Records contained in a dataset
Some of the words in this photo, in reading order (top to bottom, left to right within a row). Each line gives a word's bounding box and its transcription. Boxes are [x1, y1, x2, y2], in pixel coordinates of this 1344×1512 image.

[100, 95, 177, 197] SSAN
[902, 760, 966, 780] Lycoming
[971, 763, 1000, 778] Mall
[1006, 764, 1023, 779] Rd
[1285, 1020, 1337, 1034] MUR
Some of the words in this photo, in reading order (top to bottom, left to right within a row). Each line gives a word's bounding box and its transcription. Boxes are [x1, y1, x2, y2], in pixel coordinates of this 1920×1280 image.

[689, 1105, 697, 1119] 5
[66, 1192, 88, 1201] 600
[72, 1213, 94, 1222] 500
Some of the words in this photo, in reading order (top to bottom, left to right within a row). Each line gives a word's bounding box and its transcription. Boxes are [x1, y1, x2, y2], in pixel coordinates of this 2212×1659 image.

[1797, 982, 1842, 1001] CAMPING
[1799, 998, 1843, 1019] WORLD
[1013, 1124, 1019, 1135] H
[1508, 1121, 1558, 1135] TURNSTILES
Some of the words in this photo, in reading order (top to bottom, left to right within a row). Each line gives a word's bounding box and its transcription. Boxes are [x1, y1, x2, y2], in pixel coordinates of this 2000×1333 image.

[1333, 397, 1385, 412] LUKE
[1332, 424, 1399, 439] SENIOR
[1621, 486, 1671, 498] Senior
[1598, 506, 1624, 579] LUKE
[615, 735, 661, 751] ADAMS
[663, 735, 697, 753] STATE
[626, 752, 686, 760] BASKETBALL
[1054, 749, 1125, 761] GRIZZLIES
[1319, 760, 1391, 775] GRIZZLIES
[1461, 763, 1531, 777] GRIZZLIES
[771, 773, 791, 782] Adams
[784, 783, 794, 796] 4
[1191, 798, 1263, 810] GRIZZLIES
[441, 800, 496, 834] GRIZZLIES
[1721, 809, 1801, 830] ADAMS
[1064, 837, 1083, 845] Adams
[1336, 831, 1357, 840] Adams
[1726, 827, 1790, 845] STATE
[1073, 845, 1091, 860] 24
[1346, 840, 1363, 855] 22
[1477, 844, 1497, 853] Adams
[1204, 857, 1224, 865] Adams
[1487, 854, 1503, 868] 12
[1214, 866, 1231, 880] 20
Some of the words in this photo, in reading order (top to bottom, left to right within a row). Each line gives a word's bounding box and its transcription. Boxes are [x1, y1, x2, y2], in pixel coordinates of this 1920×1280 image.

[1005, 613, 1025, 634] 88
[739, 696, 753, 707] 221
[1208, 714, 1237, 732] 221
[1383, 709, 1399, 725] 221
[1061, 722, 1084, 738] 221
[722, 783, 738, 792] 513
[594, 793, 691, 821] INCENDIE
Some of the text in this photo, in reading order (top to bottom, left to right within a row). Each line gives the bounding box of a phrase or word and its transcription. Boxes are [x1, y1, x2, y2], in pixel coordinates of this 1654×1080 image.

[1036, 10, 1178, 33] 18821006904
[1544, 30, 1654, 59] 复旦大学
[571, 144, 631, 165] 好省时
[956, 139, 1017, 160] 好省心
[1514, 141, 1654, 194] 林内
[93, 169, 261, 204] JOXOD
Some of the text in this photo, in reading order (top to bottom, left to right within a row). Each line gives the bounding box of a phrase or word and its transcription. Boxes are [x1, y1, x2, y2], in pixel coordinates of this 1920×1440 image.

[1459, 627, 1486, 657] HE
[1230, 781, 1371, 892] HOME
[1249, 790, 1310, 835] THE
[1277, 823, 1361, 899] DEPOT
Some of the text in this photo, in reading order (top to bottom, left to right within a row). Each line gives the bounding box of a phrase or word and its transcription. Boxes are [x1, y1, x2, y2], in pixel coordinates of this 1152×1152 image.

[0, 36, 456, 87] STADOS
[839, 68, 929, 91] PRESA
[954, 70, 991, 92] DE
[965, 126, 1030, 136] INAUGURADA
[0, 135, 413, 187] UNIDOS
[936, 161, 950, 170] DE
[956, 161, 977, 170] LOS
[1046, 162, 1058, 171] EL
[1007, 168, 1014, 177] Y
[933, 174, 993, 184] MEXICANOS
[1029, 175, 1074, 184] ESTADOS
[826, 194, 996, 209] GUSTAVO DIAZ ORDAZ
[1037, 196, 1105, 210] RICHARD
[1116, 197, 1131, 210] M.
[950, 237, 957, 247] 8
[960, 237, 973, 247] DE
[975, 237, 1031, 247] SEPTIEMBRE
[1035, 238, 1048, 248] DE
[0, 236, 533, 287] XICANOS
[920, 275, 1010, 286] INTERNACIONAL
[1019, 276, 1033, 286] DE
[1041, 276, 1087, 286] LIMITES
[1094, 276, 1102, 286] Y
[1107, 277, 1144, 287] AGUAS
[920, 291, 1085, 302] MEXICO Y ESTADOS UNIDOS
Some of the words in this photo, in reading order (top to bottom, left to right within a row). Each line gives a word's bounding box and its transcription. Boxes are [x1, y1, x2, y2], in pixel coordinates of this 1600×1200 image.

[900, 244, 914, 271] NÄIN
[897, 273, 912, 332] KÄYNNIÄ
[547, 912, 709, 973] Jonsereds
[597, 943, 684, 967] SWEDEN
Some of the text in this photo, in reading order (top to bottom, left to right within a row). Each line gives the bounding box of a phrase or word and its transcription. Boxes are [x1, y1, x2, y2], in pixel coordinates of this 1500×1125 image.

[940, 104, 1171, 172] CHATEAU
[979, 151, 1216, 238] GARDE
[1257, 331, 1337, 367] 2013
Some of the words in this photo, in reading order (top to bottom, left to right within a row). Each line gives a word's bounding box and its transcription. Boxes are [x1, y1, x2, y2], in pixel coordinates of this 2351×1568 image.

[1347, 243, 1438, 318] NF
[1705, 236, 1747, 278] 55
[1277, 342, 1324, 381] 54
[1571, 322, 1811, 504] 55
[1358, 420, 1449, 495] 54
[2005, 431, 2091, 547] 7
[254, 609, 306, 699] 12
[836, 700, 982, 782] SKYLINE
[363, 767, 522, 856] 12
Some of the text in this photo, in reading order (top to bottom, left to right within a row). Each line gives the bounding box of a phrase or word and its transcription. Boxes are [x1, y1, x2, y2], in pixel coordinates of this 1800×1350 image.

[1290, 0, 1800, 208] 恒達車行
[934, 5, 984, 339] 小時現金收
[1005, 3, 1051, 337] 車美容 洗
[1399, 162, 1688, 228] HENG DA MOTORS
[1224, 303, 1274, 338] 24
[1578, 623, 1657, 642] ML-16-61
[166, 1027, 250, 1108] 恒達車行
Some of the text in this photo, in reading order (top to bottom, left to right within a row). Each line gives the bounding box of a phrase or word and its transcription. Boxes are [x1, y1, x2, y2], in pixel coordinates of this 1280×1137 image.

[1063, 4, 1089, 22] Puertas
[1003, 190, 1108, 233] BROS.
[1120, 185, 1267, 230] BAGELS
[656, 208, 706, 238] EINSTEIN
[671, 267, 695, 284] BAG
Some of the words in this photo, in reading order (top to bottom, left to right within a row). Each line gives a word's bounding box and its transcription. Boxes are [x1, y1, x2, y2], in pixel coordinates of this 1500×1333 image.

**What you should do:**
Repeat, without changes, every line from the one that contains "this 1800×1350 image." through the final line of the data.

**Answer section:**
Some of the text in this photo, in reading order (top to bottom, left to right within a row). Each line gives the bounding box of a phrase or word and its transcription. Boxes are [x1, y1, x2, y2], in pixel coordinates of this 1800×1350 image.

[1290, 0, 1800, 208] 恒達車行
[934, 5, 984, 339] 小時現金收
[1005, 3, 1051, 337] 車美容 洗
[1399, 162, 1688, 228] HENG DA MOTORS
[1224, 303, 1274, 338] 24
[1578, 623, 1657, 642] ML-16-61
[166, 1027, 250, 1108] 恒達車行
Some of the text in this photo, in reading order (top to bottom, left to right within a row). Each line gives the bounding box of a phrase or word and its transcription. Boxes are [x1, y1, x2, y2], in pixel coordinates of this 1280×1137 image.

[1063, 4, 1089, 22] Puertas
[1003, 190, 1108, 233] BROS.
[1120, 185, 1267, 230] BAGELS
[656, 208, 706, 238] EINSTEIN
[671, 267, 695, 284] BAG
Some of the words in this photo, in reading order (top to bottom, left to right within a row). Each line gives a word's bounding box and its transcription. Boxes are [x1, y1, x2, y2], in pixel coordinates of this 1500×1333 image.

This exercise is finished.